Peste et autres yersinioses

Isoler une souche

  1. Peste et autres yersinioses
  2. Isoler une souche

L’isolement d'une Yersinia directement à partir des échantillons contaminés n’est pas effectué par le CNR. Celui-ci ne caractérise que les souches préalablement isolées par les laboratoires de bactériologie.

RECOMMANDATIONS  POUR L’ISOLEMENT ET L’IDENTIFICATION DES SOUCHES

1. Prélèvements 
Des Yersinia pathogènes peuvent être isolées de nombreux échantillons biologiques, en tout premier lieu des selles, mais aussi du sang, de l'appendice, d'un abcès d'un organe profond, de biopsies intestinales.

Les diarrhées à Yersinia peuvent revêtir différents aspects (liquidiennes, glaireuses ou glairo-sanglantes), La recherche de ces bactéries doit donc être effectuée systématiquement devant toute diarrhée.
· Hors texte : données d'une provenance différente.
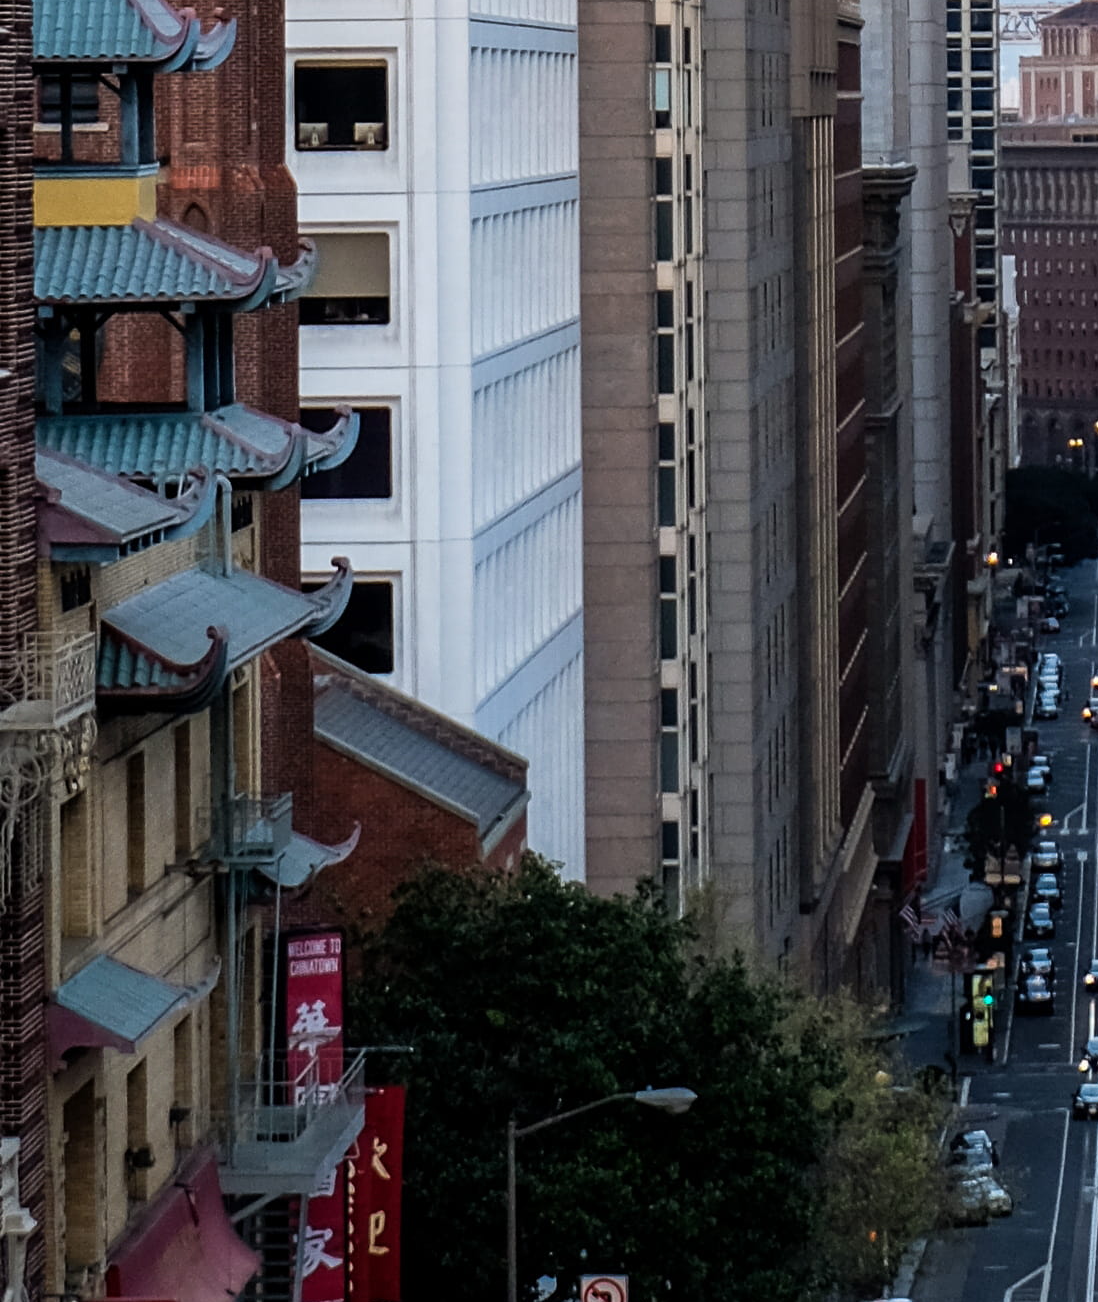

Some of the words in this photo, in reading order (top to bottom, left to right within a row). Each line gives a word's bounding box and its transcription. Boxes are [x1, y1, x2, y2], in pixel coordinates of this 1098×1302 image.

[288, 939, 327, 957] WELCOME
[330, 938, 341, 954] TO
[290, 958, 339, 976] CHINATOWN
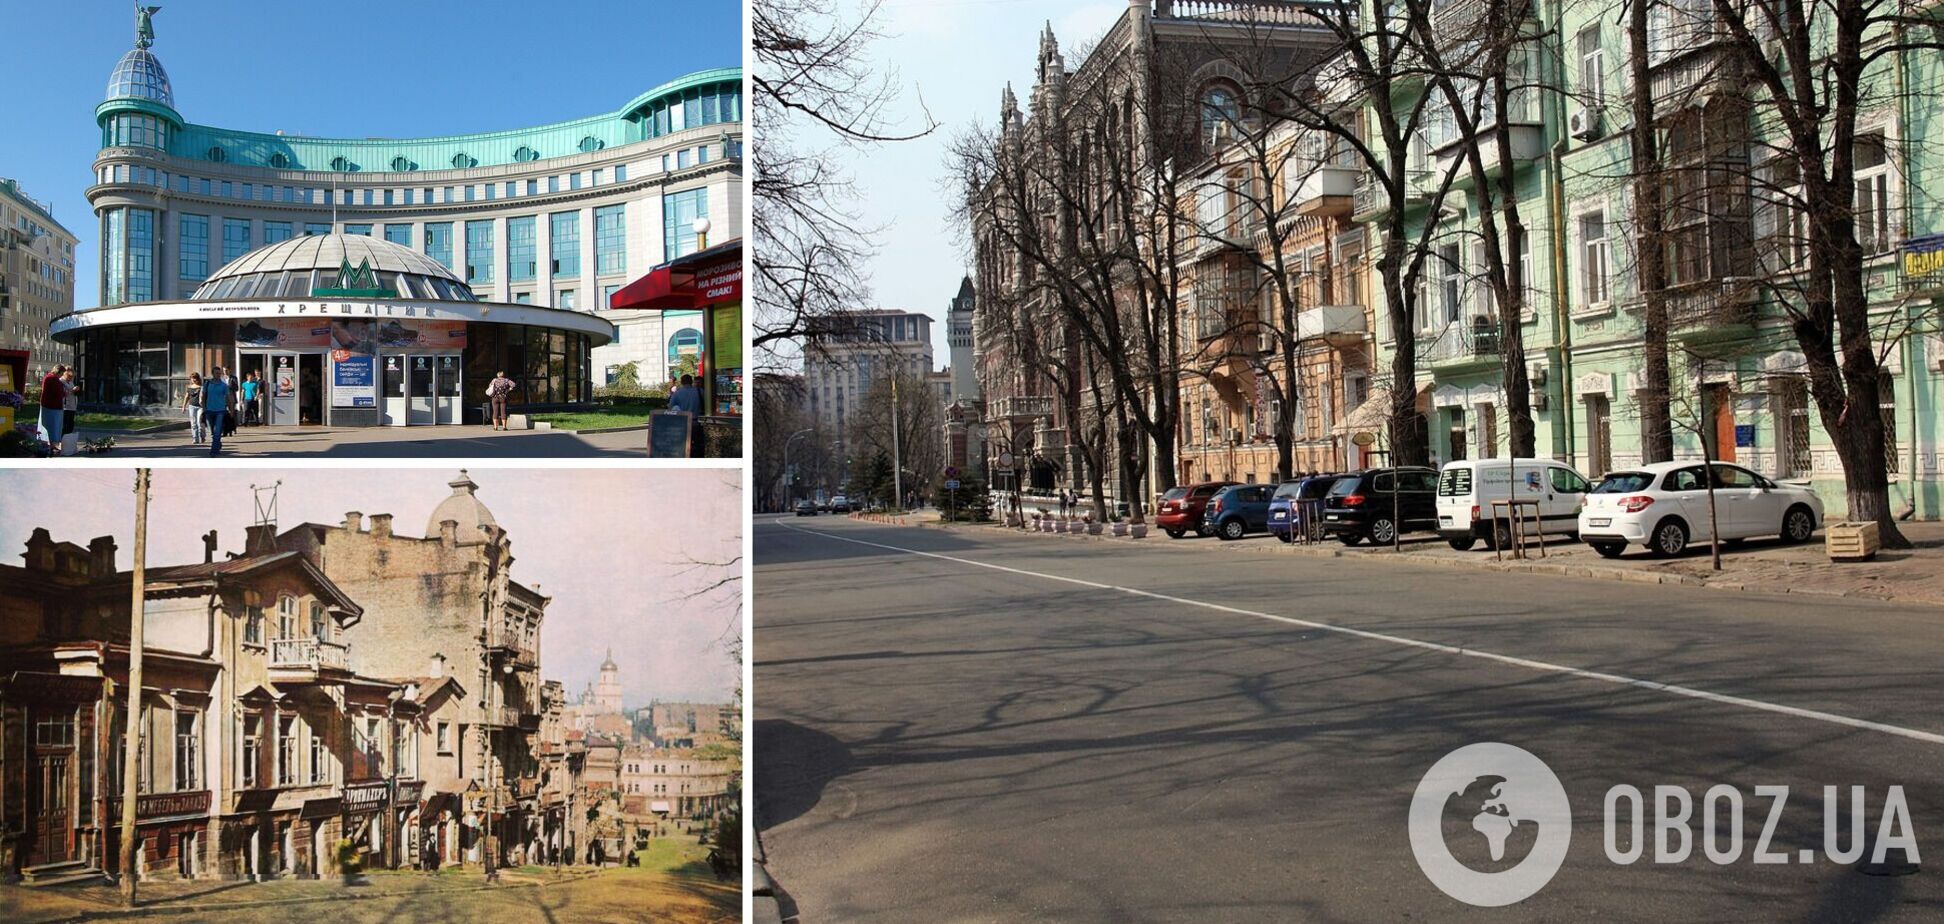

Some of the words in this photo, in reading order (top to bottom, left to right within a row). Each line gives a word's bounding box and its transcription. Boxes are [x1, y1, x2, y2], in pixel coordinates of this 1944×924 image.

De plus, même si la triade clinique diarrhées-fièvre-douleurs abdominales caractérise les yersinioses digestives, la diarrhée est absente dans environ 14% des cas, les douleurs abdominales dans environ 20% des cas, et la fièvre dans 28% des cas. Il est donc important de ne pas limiter la recherche des Yersinia à des critères cliniques trop stricts. L'âge ne doit pas non plus être un critère décisionnel pour la recherche de Y. enterocolitica par coproculture car même si ces bactéries affectent en priorité les enfants de moins de 10 ans, plus de la moitié des souches sont isolées de patients de plus de 10 ans, et 39% d'adultes.
L'isolement des Yersinia à partir des selles étant délicat, il ne faut pas hésiter à répéter les prélèvements.

2. Isolement
Les Yersinia ont une croissance plus lente que les autres entérobactéries: 48h sont nécessaires pour observer des colonies bien visibles.
La température optimale de croissance se situe entre 25°C et 30°C. La détection de colonies de Y. enterocolitica parmi de nombreux autres micro-organismes présents dans les selles peut donc être très difficile si les milieux sont incubés et examinés dans les conditions utilisées pour les autres entérobactéries (24h à 37°C).
Diverses méthodes d'enrichissement des Yersinia à partir des selles ont été proposées: Elles peuvent améliorer le taux d'isolement des Yersinia mais elles allongent le délai d'isolement et peuvent inhiber la croissance de certaines Yersinia pathogènes ou favoriser la multiplication de Yersinia non pathogènes.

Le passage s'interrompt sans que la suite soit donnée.